EXTRACTED DATA >>
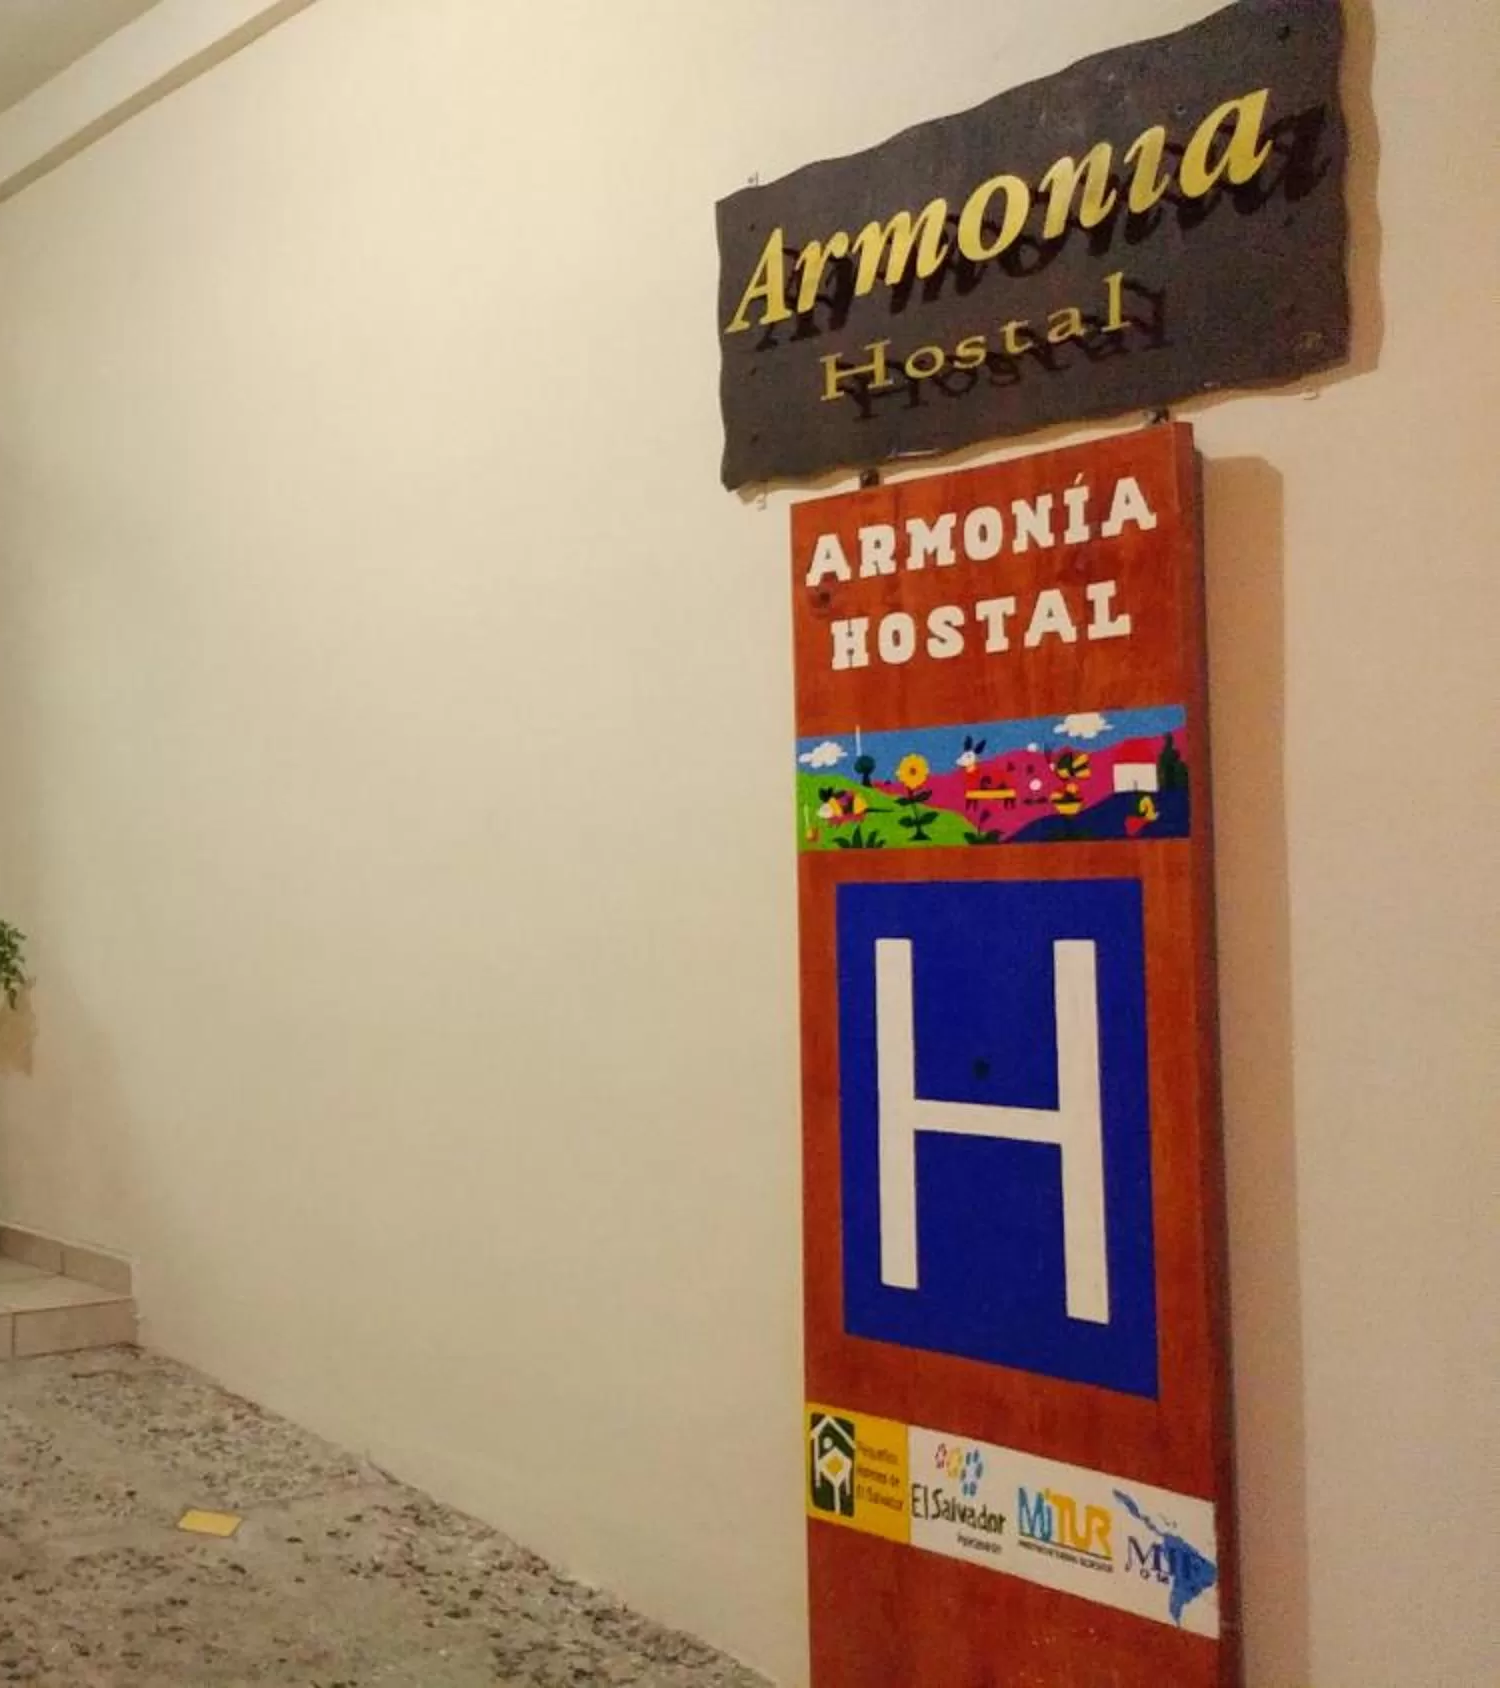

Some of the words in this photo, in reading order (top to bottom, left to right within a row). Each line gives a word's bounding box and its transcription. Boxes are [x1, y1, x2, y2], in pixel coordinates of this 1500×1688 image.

[724, 87, 1273, 334] Armonia
[819, 271, 1133, 401] Hostal
[805, 472, 1157, 587] ARMONÍA
[830, 580, 1133, 671] HOSTAL
[874, 937, 1110, 1325] H
[911, 1482, 929, 1521] El
[931, 1487, 1007, 1535] Salvador

WORK TASK >> When you copy the records above, keep every word exact and drop the pictures.

THE COMPLETED TASK >>
Some of the words in this photo, in reading order (top to bottom, left to right within a row). Each line gives a word's bounding box and its transcription. Boxes are [x1, y1, x2, y2], in pixel coordinates of this 1500×1688 image.

[724, 87, 1273, 334] Armonia
[819, 271, 1133, 401] Hostal
[805, 472, 1157, 587] ARMONÍA
[830, 580, 1133, 671] HOSTAL
[874, 937, 1110, 1325] H
[911, 1482, 929, 1521] El
[931, 1487, 1007, 1535] Salvador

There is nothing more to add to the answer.